Knowledge Extraction

This phase involves several steps whose purpose is to build knowledge base used as the main source for business logic abstraction. The knowledge base consists of a set of KDM models that represent software system (referred thereafter as KDM representation), the data base of indexed software documentation, and the data base of classifiers (i.e. lookup table values) and system log information. KDM defines representation of the software system at several layers of abstraction: Infrastructure, Program elements, Runtime resources, and Conceptual layers. Within each layer, one or more architectural views on certain aspects of software system might be produced. The Infrastructure layer involves the Inventory model that is intended to represent software system’s physical artifacts: containers, folders, source files, resource definitions, etc. The Inventory model serves as a bridge between physical artifacts and their representation within higher level of abstraction. Therefore it is naturally to discover this model in the early steps, and we employ file system scanning or version control system querying to obtain required information.
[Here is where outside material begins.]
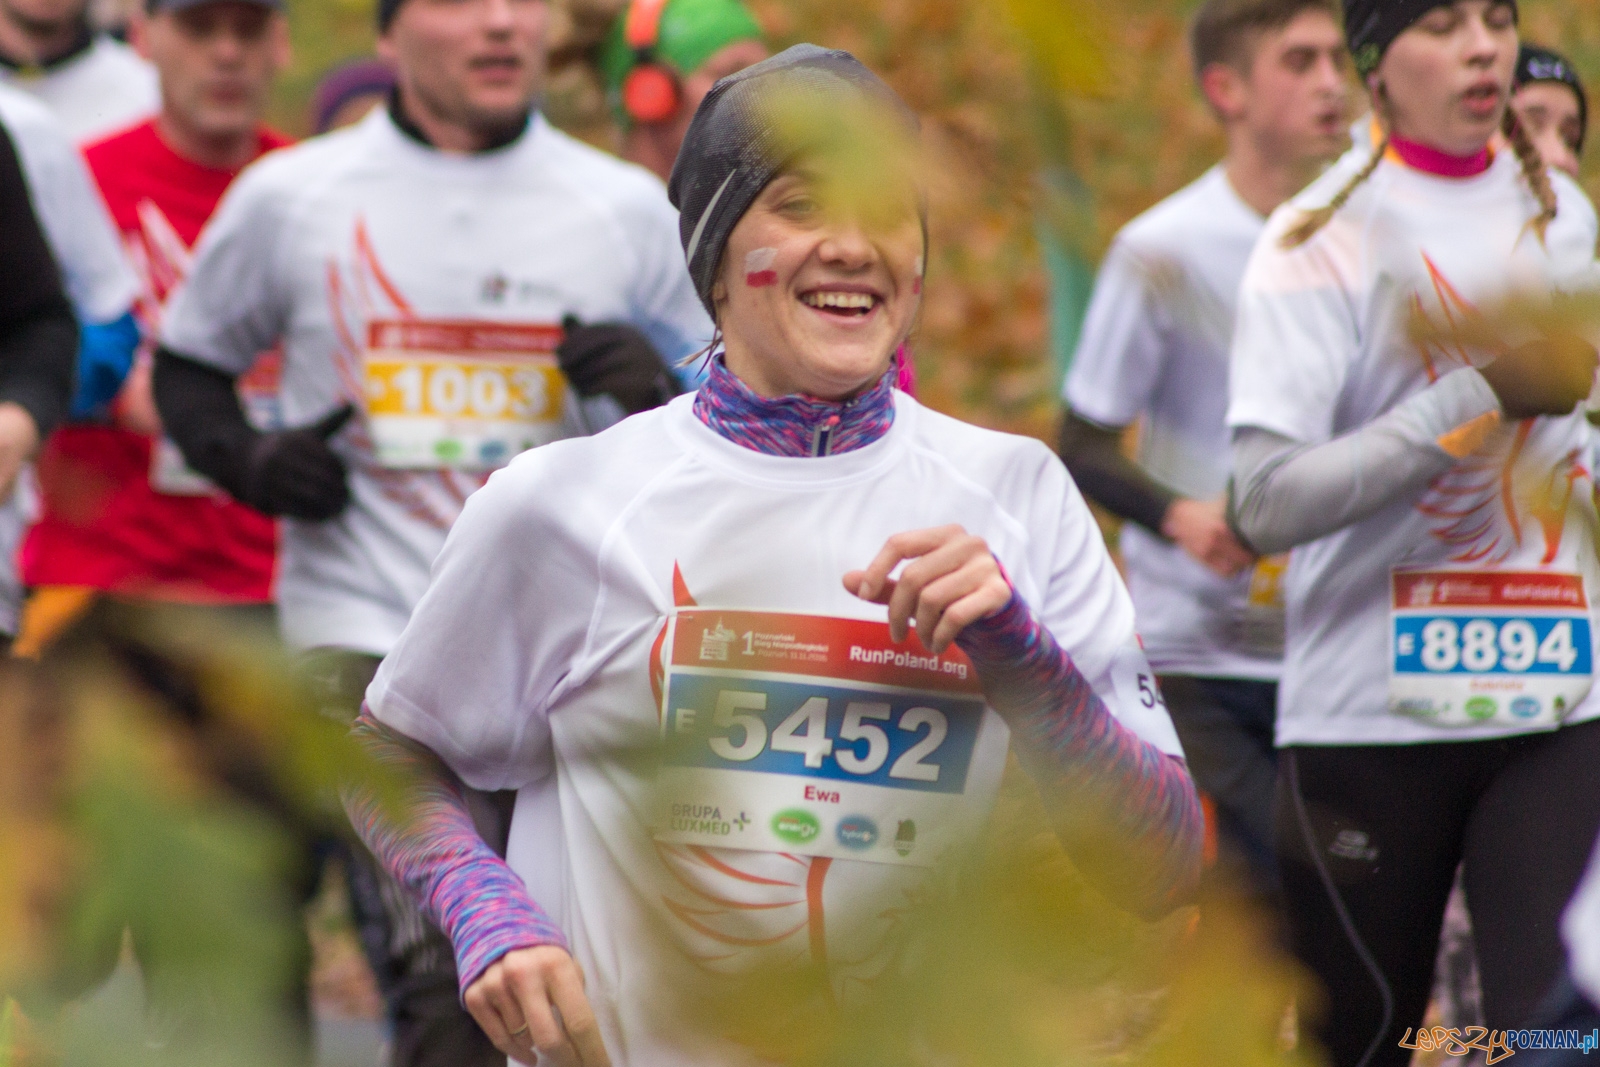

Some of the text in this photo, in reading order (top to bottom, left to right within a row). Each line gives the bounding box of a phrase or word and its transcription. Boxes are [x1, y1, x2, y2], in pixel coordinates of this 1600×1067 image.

The Program elements layer involves Code model to represent the structure and behavior of the source code. In addition, the Code model might serve as a container for data types of particular programming language or platform resource definitions. While the representation of the structure of the source code might be transformed directly from abstract syntax trees (AST), the behavior representation requires numerous AST traversals to discover the data and control flow. The AST is generated by parser, which is built from the source code language grammar defined according to specialized AST meta-model (ASTM, [11]). The grammar is supplemented with the software API definition to facilitate identification of API usage. Transformation rules are defined according to ASTM-to-KDM mapping rules specified in [11] and considering MicroKDM [9] semantics. The latter allows obtain KDM representation of source code at sufficiently low level of granularity – statements and expressions represented using certain kinds of KDM ActionElements. The general principles of this process are illustrated in the figure 2.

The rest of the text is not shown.